‘Цех поэтов’. Так назвалось новое издательство, выпустившее уже целый ряд сборников стихотворений. ‘Цех поэтов’, — молодые поэты смело, не боясь насмешек, объявили свое искусство ремеслом. Им вспомнились, верно, слова полузабытой Каролины Павловой:
Моя напасть, мое богатство —
Мое святое ремесло.
Целые тысячелетия поэты называли себя пророками, жрецами. Это прискучило, — трудно долго ходить на ходулях. Кроме того, стихов пишется теперь так много, звание поэта так обесценено, что жреческие позы кажутся опереточными п только еще больше компрометируют бедных певцов. Из жгучей потребности поднять достоинство поэзии, дать новую цену самому имени поэта явилось это скромно вызывающее, гордо уничиженное: ‘мы не бряцаем на лире вдохновенной, мы цеховые цеха поэтов, такие же добросовестные ремесленники, как те, которые обожгли вам ваши печные горшки. Может быть, вы все же узрите пользу в изделиях нашей художественной промышленности’.
И еще другое сказалось в этом названии: любовь к форме. Все чаще поэты сравнивают работу над стихом с чеканкой, с цизелированьем. И вправду, есть сходство в работе над словом с кропотливой и терпеливой работой искусного ремесленника.
И все же, не ошибка ли это название? Наивно трогательные слова Каролины Павловой подходят ли к ее собственной поэзии? Можно ли себе представить истинных больших поэтов, Пушкина, Мицкевича, даже Бальмонта цеховым нового цеха? Если поэзия не свята, зачем она? А святое ремесло это — contradictio in adjected {Противоречие в определении (лат.).}. Свято творчество, зачем же подчеркивать необходимый, но низший момент этого творчества — ремесленную работу над словом!
А после этого предисловия посмотрим, что сработали новые цеховые, какова их выучка и мастера ли они своего цеха или только подмастерья.
——
Большинство сборников нового издательства — первые сборники, первая работа учеников на званье подмастерья. А между тем некоторые из них сделаны мастерски.

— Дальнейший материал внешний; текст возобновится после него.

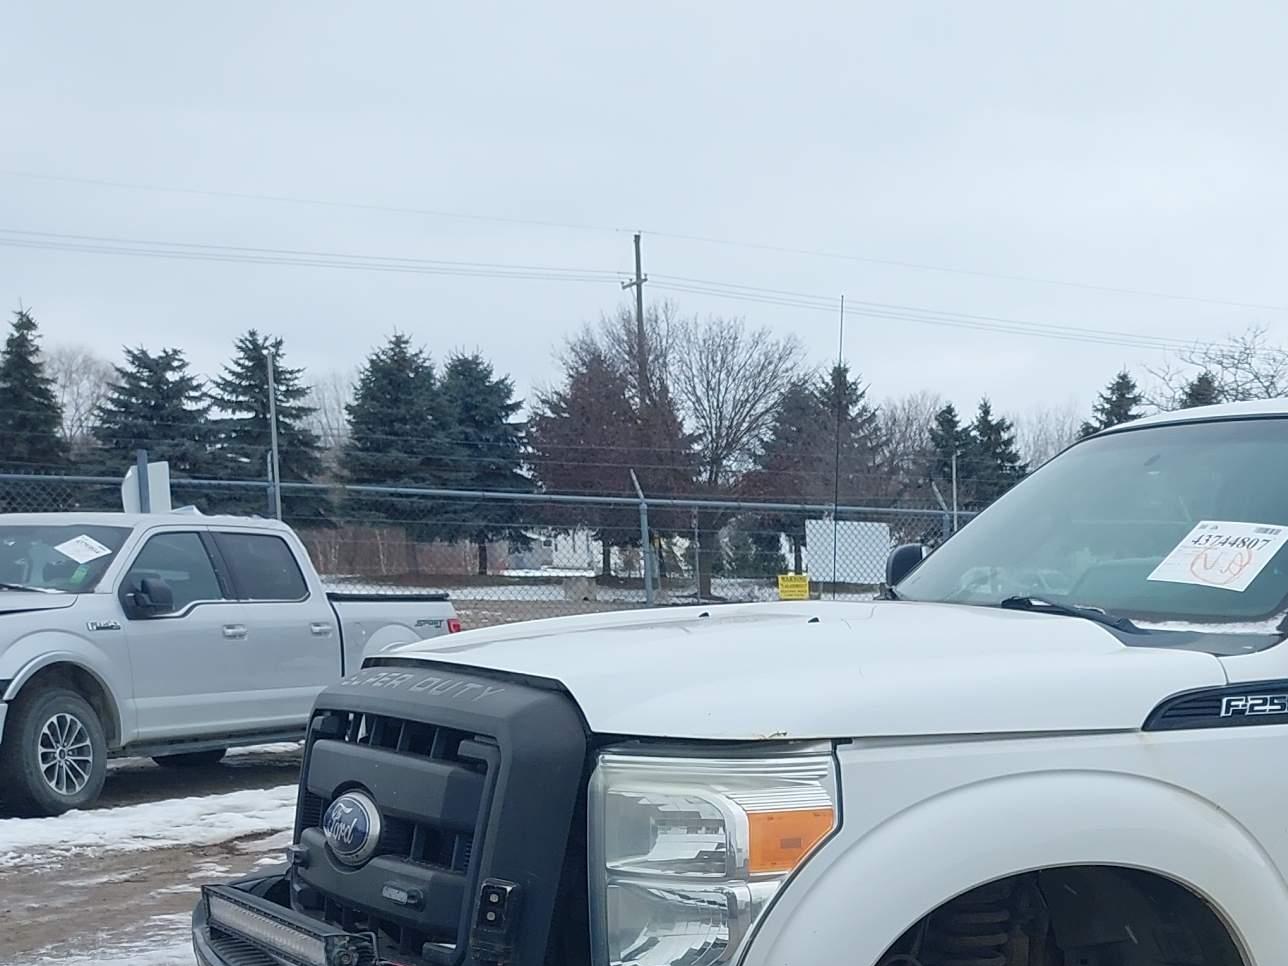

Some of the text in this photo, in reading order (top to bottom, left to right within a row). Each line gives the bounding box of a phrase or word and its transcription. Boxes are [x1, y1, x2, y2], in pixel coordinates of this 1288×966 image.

Мастер своего дела М. Зенкевич. Имена поэтов, которых он цитирует в сборнике — Брюсов, Верхарн, Леконт-де-Лиль. Название сборника ‘Дикая порфира’ взято из стихов Баратынского!
И в дикую порфиру древних лет
Державная природа облачилась.
Но Баратынского он видит через Брюсова, да и Верхарна тоже.
Да, тот великий мастер, у которого он учился<,, —>, это Брюсов. Его излюбленный размер — брюсовский ямб. Он услышал призыв созидать научную поэзию. Но тема у него своя, его тема — космос и человек.
Он воспевает материю, образование планет, образование земной коры.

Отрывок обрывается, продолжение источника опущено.